Ms. Brainard summarized the FRB’s next regulatory steps. She reported that the FRB is close to (i) completing the net stable funding ratio to ensure that large banking firms maintain a stable funding profile past a one-year projection, and (ii) implementing Dodd-Frank Act limits on large counterparty exposures, which will reduce the ripple effect of financial distress. Ms. Brainard additionally advocated for efforts to improve the Volcker Rule so it can better serve its underlying purpose of prohibiting banking firms from certain speculative activities.

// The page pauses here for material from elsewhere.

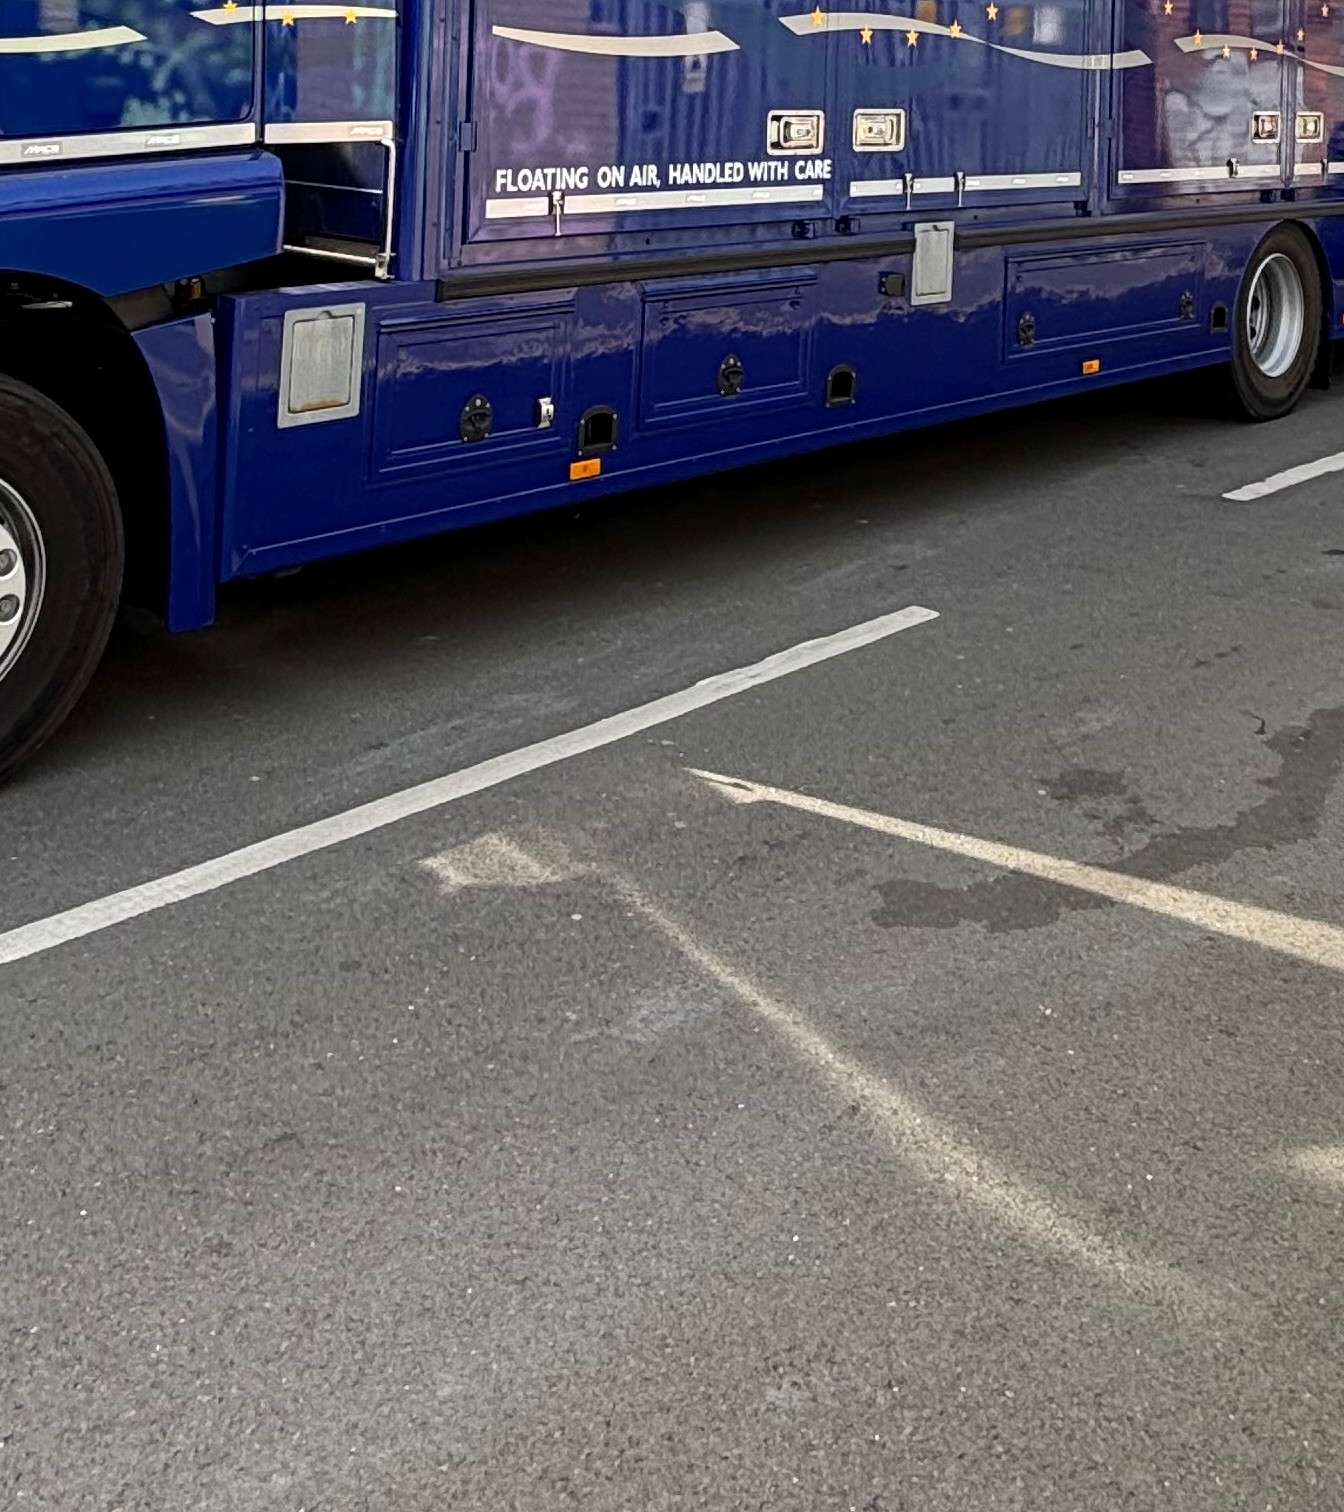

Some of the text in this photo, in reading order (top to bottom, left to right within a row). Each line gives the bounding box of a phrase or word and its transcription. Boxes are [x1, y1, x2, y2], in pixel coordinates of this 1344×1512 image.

[495, 158, 832, 193] FLOATING ON AIR, HANDLED WITH CARE
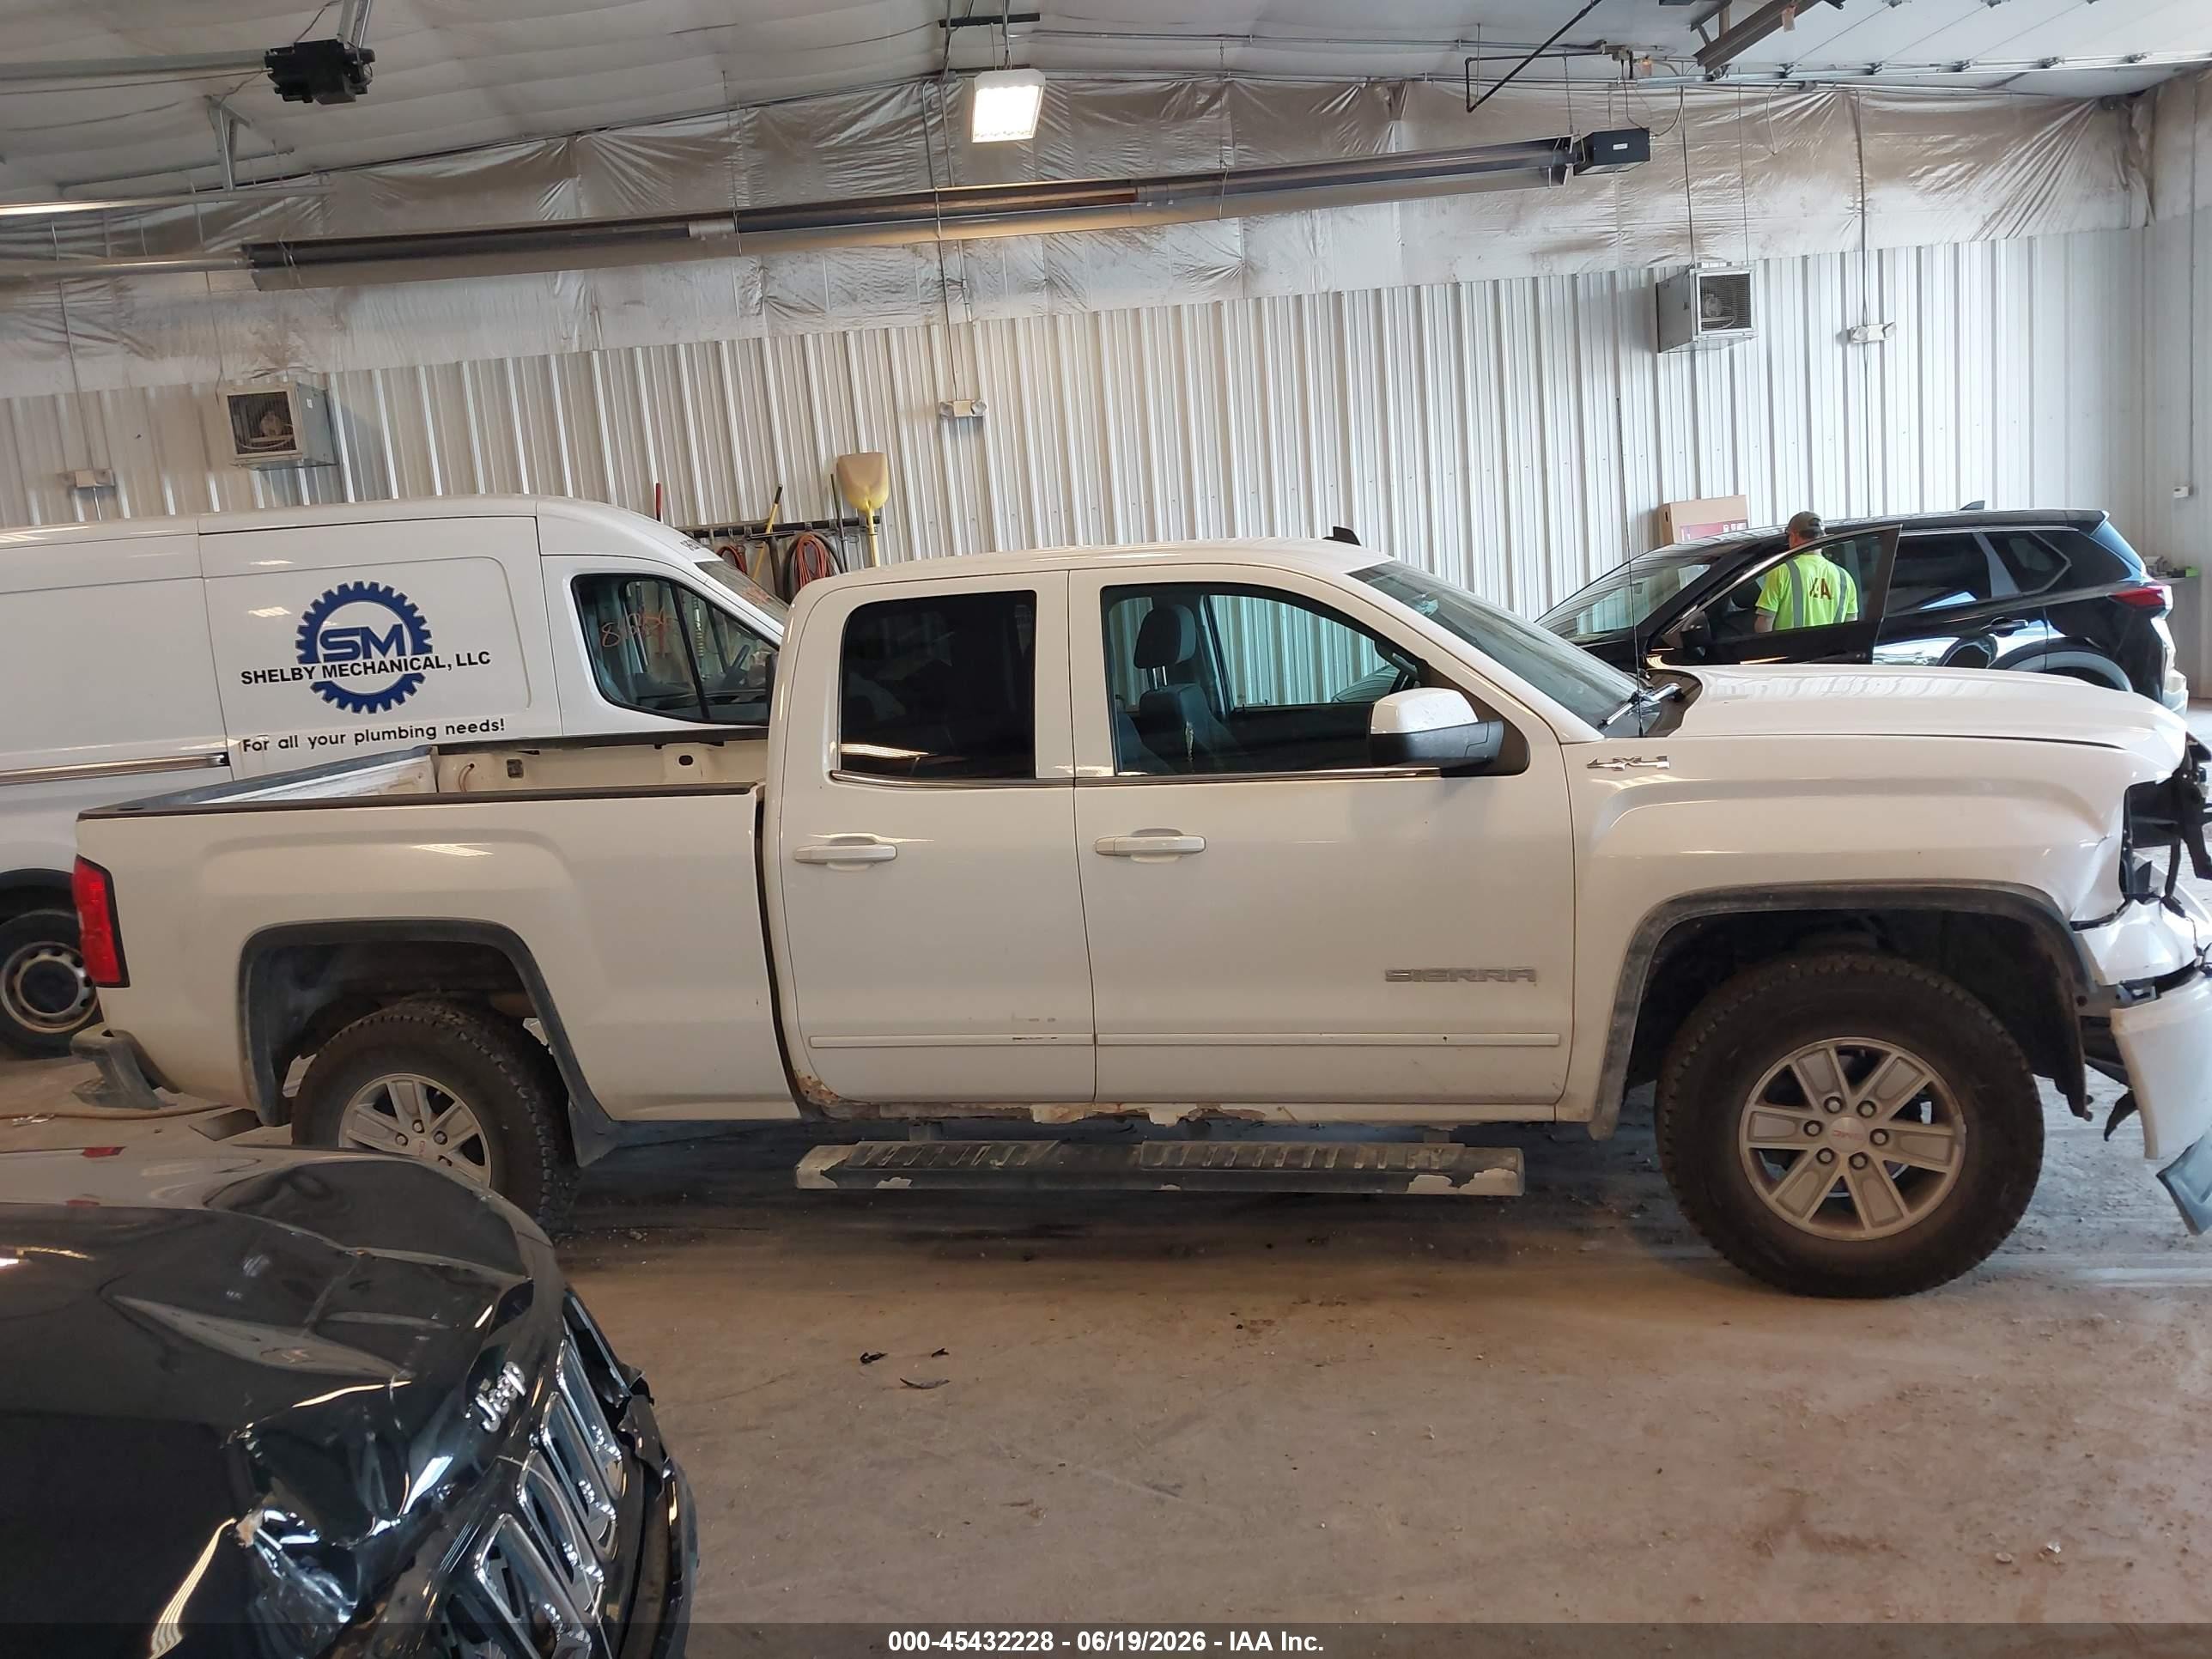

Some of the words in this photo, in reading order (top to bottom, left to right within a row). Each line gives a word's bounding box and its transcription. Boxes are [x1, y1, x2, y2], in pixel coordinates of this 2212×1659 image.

She expressed her support for market-wide “minimum haircuts for securities financing transactions,” and for recalibrating the regulatory framework to reduce the burden on smaller banking firms.
President Donald J. Trump nominated Dan Berkovitz to serve as a CFTC Commissioner and Michelle Bowman and Richard Clarida to serve on the Board of Governors of the Federal Reserve System.
Mr. Berkovitz was nominated to serve the remainder of a five-year term. He is a partner at WilmerHale and vice chair of the American Bar Association Committee on Futures and Derivatives. Mr. Berkovitz previously was CFTC General Counsel and Deputy Representative to the Financial Stability Oversight Council. He also served as a senior staff lawyer for the Senate Permanent Subcommittee on Investigations and Deputy Assistant Secretary in the Department of Energy Office of Environmental Management.
Ms. Bowman was nominated to serve the remainder of a 14-year term set to expire in 2020. She is currently the Kansas State Bank Commissioner and previously was an executive at Farmers and Drovers Bank. Ms. Bowman served in government in several capacities including as a staffer for Senator Bob Dole, Counsel for several House committees, Director of Congressional and Intergovernmental Affairs at the Federal Emergency Management Agency, and Deputy Assistant Secretary and Policy Advisor to Secretary Tom Ridge at the Department of Homeland Security.
Mr. Clarida was nominated to serve a four-year term as Vice Chair of the FRB. Mr. Clarida is currently the Lowell Harriss Professor of Economics at Columbia University. He is also a Global Strategic Advisor for PIMCO and a member of the Council on Foreign Relations. Mr. Clarida previously served as Assistant Secretary for Economic Policy at the U.S. Treasury and was a Senior Staff Economist with President Ronald Reagan’s Council of Economic Advisers.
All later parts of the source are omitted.